One of the challenges in existing data sets are the units of measurement. In these experimental presentations, production data are measured in live whole weight whereas imports and exports are recorded in net product weight. While currently totals cannot be computed due to this discrepancy, these data still enable analysis of trends in trade and production over time.

There are gaps in measuring the physical flows of fish products. Information is needed in a consistent format for such aspects as gross catch, discarded catch, consumption by industry and households and any product inventory changes by financial year. Information on food and non-food supply and use both for domestic and international physical flows are needed. Imports and exports data were not available at the state level.

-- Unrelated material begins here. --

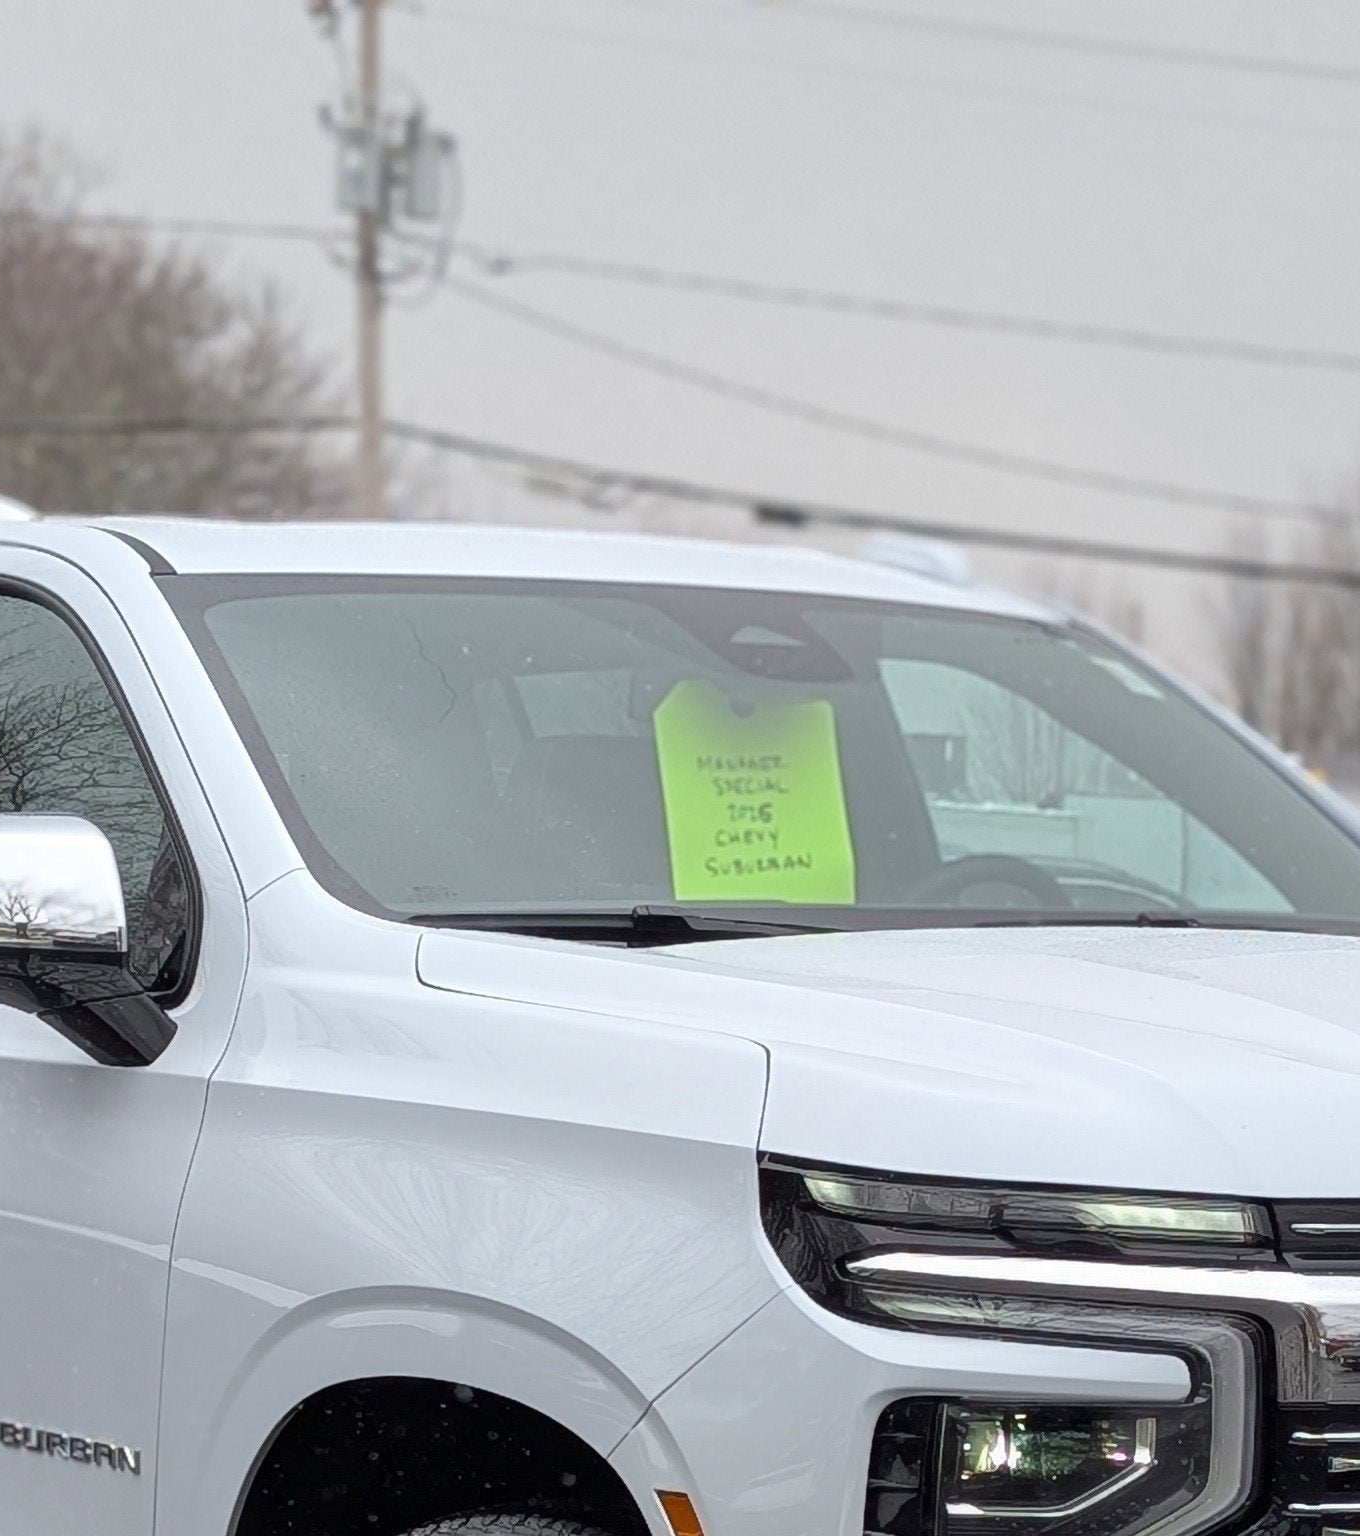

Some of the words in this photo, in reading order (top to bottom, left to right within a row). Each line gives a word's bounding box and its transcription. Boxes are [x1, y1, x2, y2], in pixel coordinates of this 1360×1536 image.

[712, 776, 791, 796] SPECIAL
[715, 826, 780, 850] CHEVY
[704, 852, 813, 877] SUBURBAN

While preparing the physical flow account, ABS found that SEEA AFF did not provide scope for showing transfers between capture fisheries and aquaculture stocks (for example wild catch, such as tuna, being intermediately consumed by aquaculture - see Graph 3 above). This provides an opportunity to improve the SEEA AFF framework so that it better illustrates stock flows between fishing industries.

From an assets perspective, this publication presents a qualitative assessment of fish available for harvesting. Measuring fish stocks is a challenging exercise and requires specialist scientific input and consistent measurements for addressing issues of sustainability. While it may be preferable to adopt observational surveys or other abundance measures (which will be investigated for future releases), using Total Allowable Catch statistics for the asset account represents the quota of fish allowed to be caught in that fishery and is based on scientific assessments of the condition of the fish stock.

Subsistence and recreational fishing should also be included, but due to a lack of readily available data have not been included at this time.